COULD BUSH PROPOSE PER CAPITA CAP FOR MEDICAID?

The Bush administration continues urging states to accept its capped-funding plan for Medicaid, but details of the proposal still seem to be in flux, judging from comments made by Centers for Medicare & Medicaid Services Administrator Tom Scully at an Oct. 8 hearing.

In January, the administration unveiled a voluntary ten-year program in which states could get additional federal funds to provide Medicaid-optional benefits and to cover optional populations over the next few years - to tide them over current tough economic times - along with greatly expanded flexibility to design their Medicaid programs. In exchange, participating states would accept lower spending than current law promises in the final three years of the decade, to maintain federal budget neutrality for the plan.

Governors weren't enthusiastic, and Congress didn't formally consider the plan this year, but Scully was back before the House Commerce Health Subcommittee Oct. 8 to renew the administration's pitch in an apparently slightly altered form.

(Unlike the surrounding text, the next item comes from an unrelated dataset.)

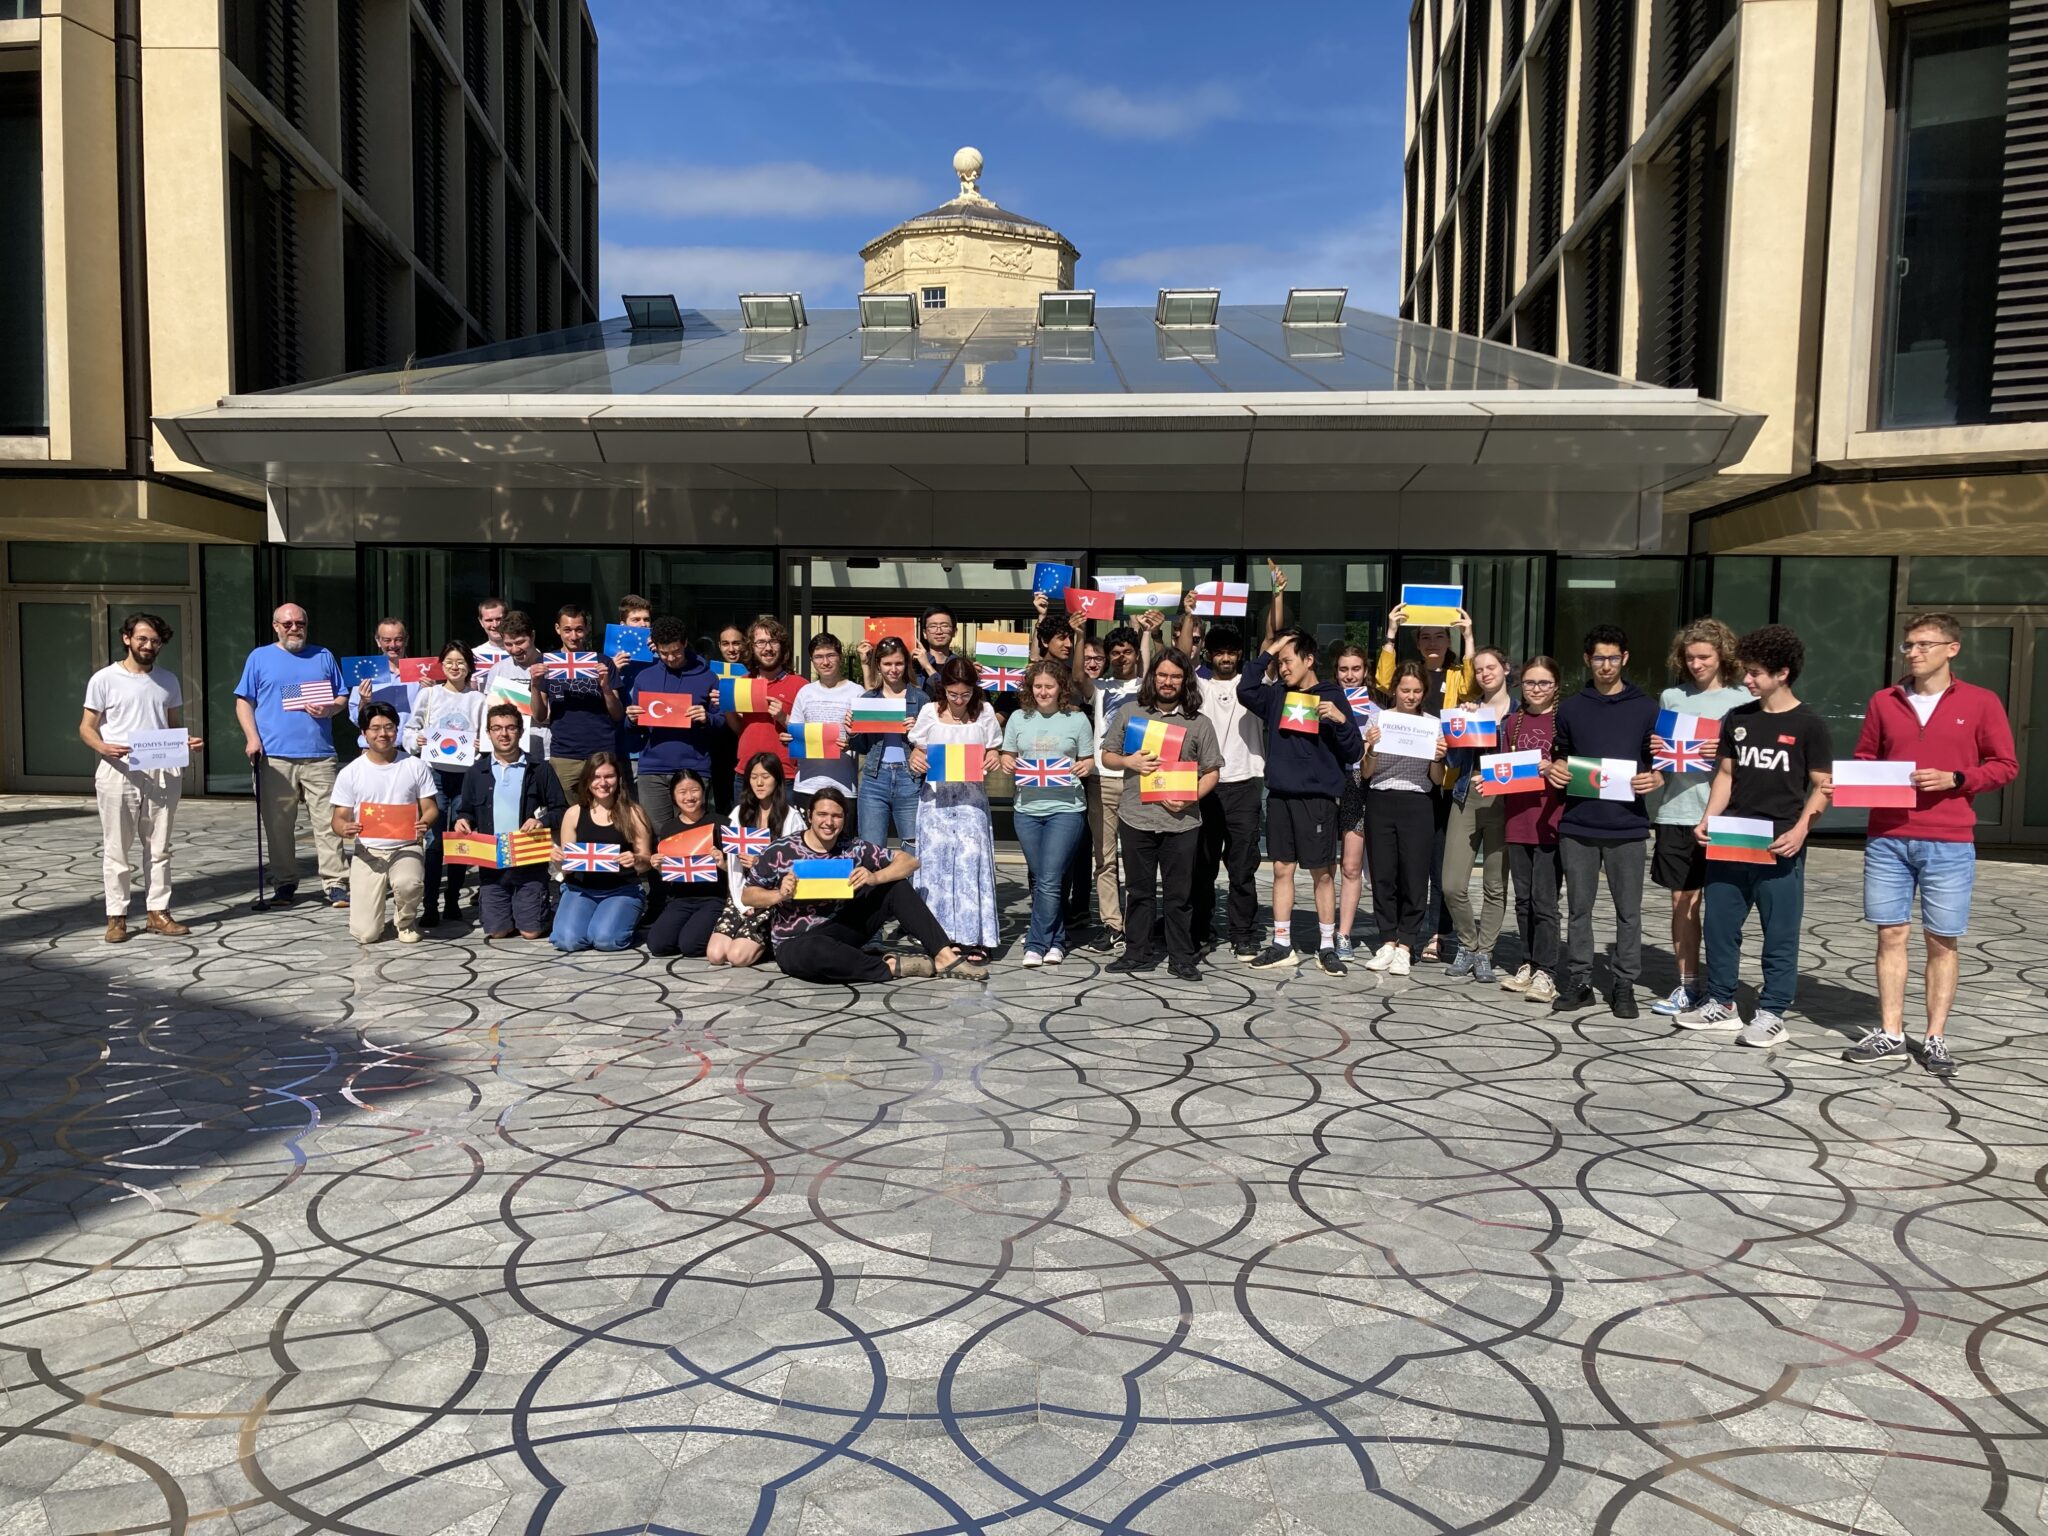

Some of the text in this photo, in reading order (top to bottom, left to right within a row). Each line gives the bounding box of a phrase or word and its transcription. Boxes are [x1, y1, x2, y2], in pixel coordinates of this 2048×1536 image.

Explaining to Democrats how the proposal differs from a traditional block grant in which overall funding is capped, he said that states could get a "negotiated per capita payment amount" for their optional populations. The statement marks the first time a "per capita cap" has been mentioned in connection with the White House plan, according to several analysts.

One complaint about the original program was that accepting an overall funding cap could cause problems if a population in need burgeoned during the ten-year period. Under an overall cap, states might either decline to cover some needy populations or find themselves on the hook for covering an enlarged population with federal funding they agreed to when lesser need was predicted.

A per capita cap presumably would avert such scenarios, allowing states to negotiate a funding cap per eligible individual in Medicaid's optional coverage categories but draw down increased federal funds if the pool of eligible beneficiaries expanded.

It's not clear whether Scully's hearing comments constituted a trial balloon; a misstatement stemming from CMS's having negotiated some Medicaid waivers with per capita caps, notably in waivers designed to provide prescription-drug coverage to seniors; or an actual new wrinkle in the state-flexibility overhaul plan. There's little question that use of per capita caps could make the administration offer more enticing to some governors, who have worried about how population growth might hurt them under the original plan, however.

Some analysts are skeptical that the new phrase means much, saying that a per capita cap could be negotiated for some part of state spending while the state's overall share still would be subject to a general cap. "To get the budget predictability" in Medicaid that the White House is looking for, "it's hard to believe that a per capita cap would be done independent of an overall cap," says Edwin Park of the liberal Center on Budget and Policy Priorities.